Your instructions:
A faithful copy without images is required: write out all the records exactly.

Collected data entries:
——

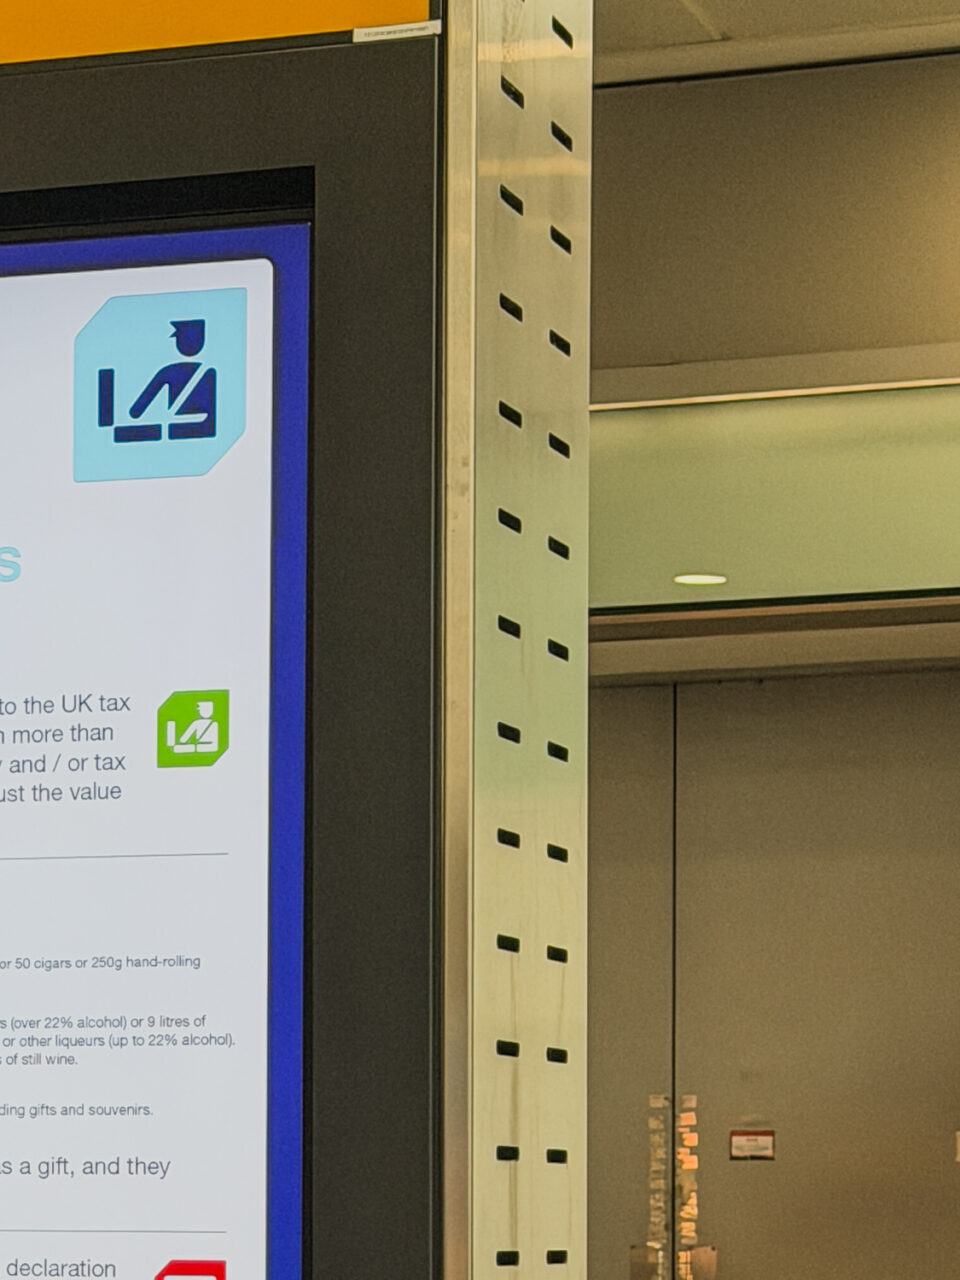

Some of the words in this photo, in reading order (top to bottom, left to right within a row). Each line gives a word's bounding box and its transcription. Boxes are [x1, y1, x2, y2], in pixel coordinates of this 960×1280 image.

[23, 696, 54, 716] the
[62, 693, 92, 713] UK
[99, 694, 131, 712] tax
[0, 960, 12, 970] or
[15, 957, 30, 970] 50
[34, 957, 72, 973] cigars
[75, 959, 88, 969] or
[91, 955, 122, 972] 250g
[126, 954, 200, 970] hand-rolling
[11, 1017, 41, 1032] (over
[44, 1016, 73, 1030] 22%
[77, 1015, 127, 1031] alcohol)
[130, 1017, 144, 1029] or
[147, 1015, 155, 1028] 9
[160, 1015, 190, 1028] litres
[194, 1015, 206, 1027] of
[2, 1037, 16, 1048] or
[19, 1034, 52, 1047] other
[55, 1034, 105, 1050] liqueurs
[108, 1033, 128, 1050] (up
[132, 1035, 145, 1047] to
[148, 1033, 177, 1046] 22%
[182, 1032, 235, 1048] alcohol).
[29, 1103, 57, 1120] gifts
[60, 1103, 84, 1117] and
[88, 1103, 153, 1116] souvenirs.
[6, 1258, 116, 1278] declaration

——

Solved problem:
Some of the words in this photo, in reading order (top to bottom, left to right within a row). Each line gives a word's bounding box and its transcription. Boxes are [x1, y1, x2, y2], in pixel coordinates of this 960×1280 image.

[23, 696, 54, 716] the
[62, 693, 92, 713] UK
[99, 694, 131, 712] tax
[0, 960, 12, 970] or
[15, 957, 30, 970] 50
[34, 957, 72, 973] cigars
[75, 959, 88, 969] or
[91, 955, 122, 972] 250g
[126, 954, 200, 970] hand-rolling
[11, 1017, 41, 1032] (over
[44, 1016, 73, 1030] 22%
[77, 1015, 127, 1031] alcohol)
[130, 1017, 144, 1029] or
[147, 1015, 155, 1028] 9
[160, 1015, 190, 1028] litres
[194, 1015, 206, 1027] of
[2, 1037, 16, 1048] or
[19, 1034, 52, 1047] other
[55, 1034, 105, 1050] liqueurs
[108, 1033, 128, 1050] (up
[132, 1035, 145, 1047] to
[148, 1033, 177, 1046] 22%
[182, 1032, 235, 1048] alcohol).
[29, 1103, 57, 1120] gifts
[60, 1103, 84, 1117] and
[88, 1103, 153, 1116] souvenirs.
[6, 1258, 116, 1278] declaration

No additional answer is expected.